What the study found
The study found that a lightweight seat module assembly for an indoor robotic arm amusement ride could be redesigned so the outer shell carries primary loads. The final design reduced mass by 36% and increased seating capacity from four to five seats, which the authors report as a 49% reduction in mass per seat compared with the metallic baseline.
Why the authors say this matters
The authors conclude that this load-path-driven, composite-first approach offers a new direction for seat module assembly design in the themed entertainment industry. They suggest it can reduce weight while increasing occupant capacity.
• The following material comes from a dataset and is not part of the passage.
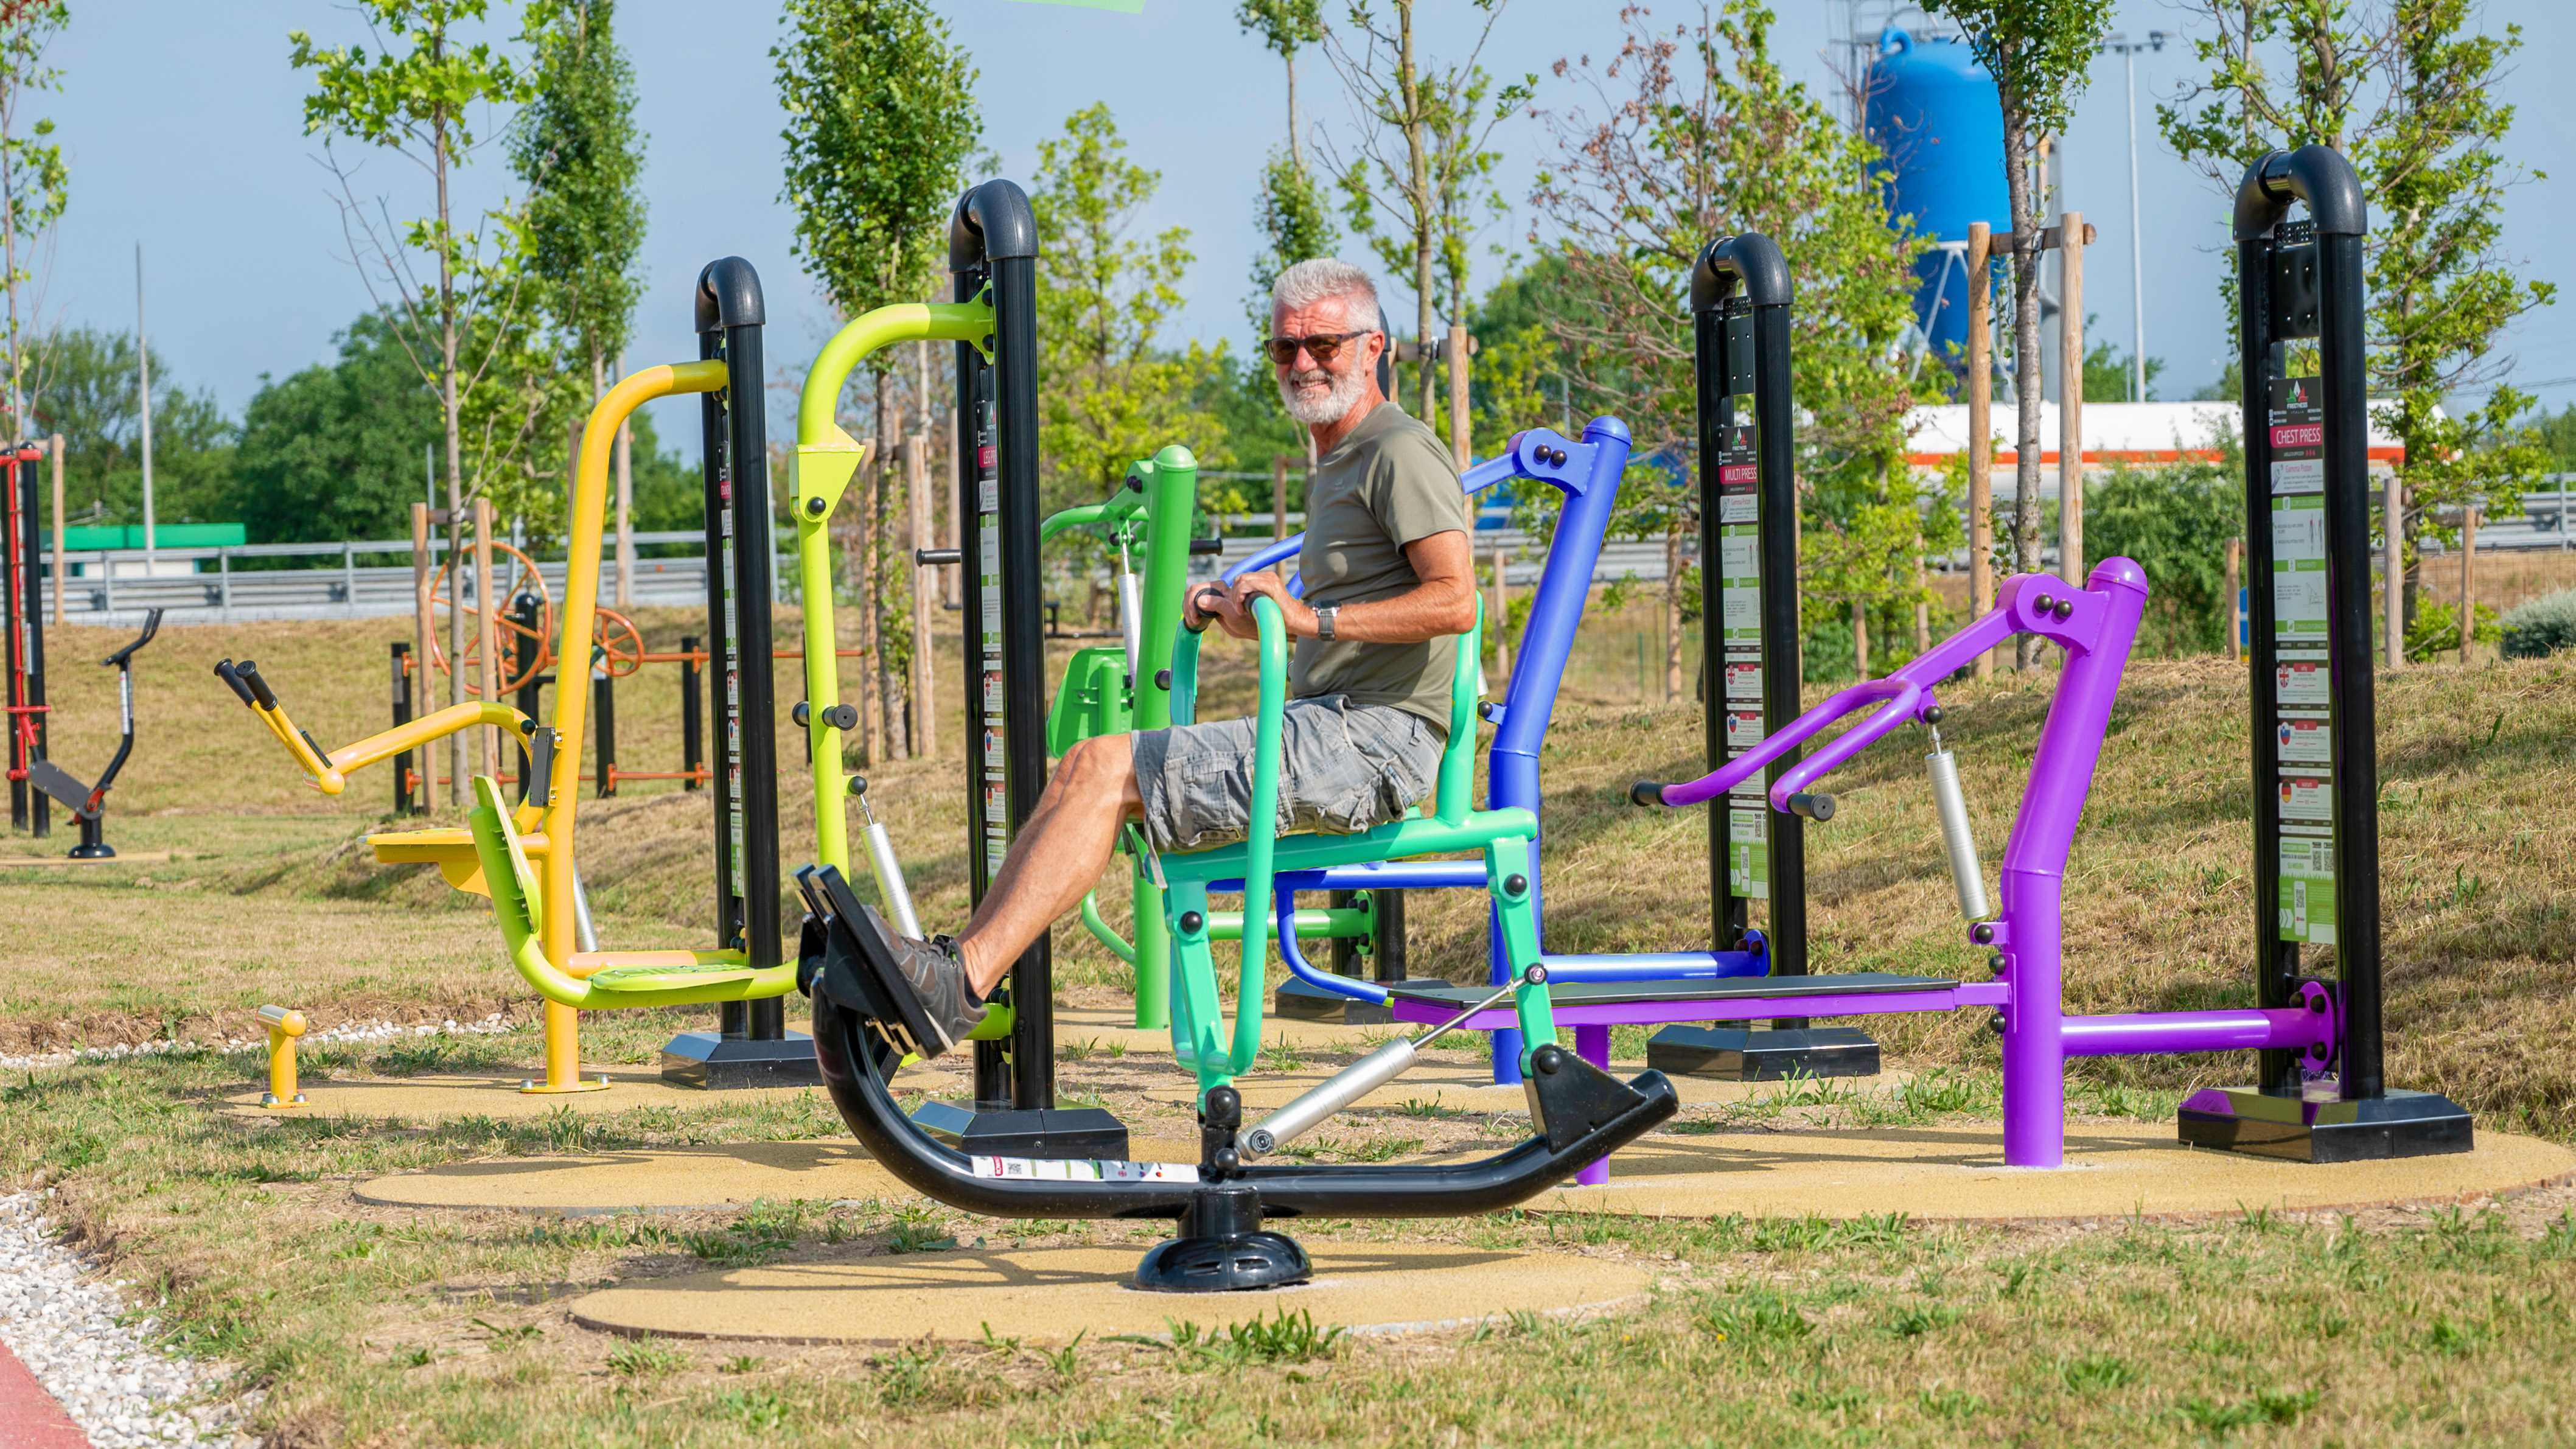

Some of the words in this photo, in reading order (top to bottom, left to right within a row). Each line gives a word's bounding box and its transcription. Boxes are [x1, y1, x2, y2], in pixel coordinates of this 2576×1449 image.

[2277, 429, 2299, 444] CHEST
[2300, 427, 2321, 442] PRESS
[1725, 468, 1740, 481] MULTI
[1741, 467, 1757, 480] PRESS
What the researchers tested
The researchers used a bottom-up design method that introduced topology optimization at the start of the process. They explored manufacturing-specific versions of the optimized design, including extrusion and tubing-based approaches, and used fiber-reinforced polymers as the structural material. Finite element analysis was then used to test the final design under high intensity load cases.
What worked and what didn't
The optimized design met the stress and displacement constraints in finite element analysis. The outer shell’s curved geometry was described as reducing stress concentrations while contributing to structural stiffness, and the integrated design increased capacity from four to five seats. The abstract does not report any failed design options or unsuccessful tests.
What to keep in mind
The abstract does not describe detailed limitations, and it does not provide comparison data beyond the stated metallic baseline. The feasibility discussion is limited to the manufacturing-specific interpretations mentioned in the abstract.
Key points
- The final seat module design reduced mass by 36% compared with the metallic baseline.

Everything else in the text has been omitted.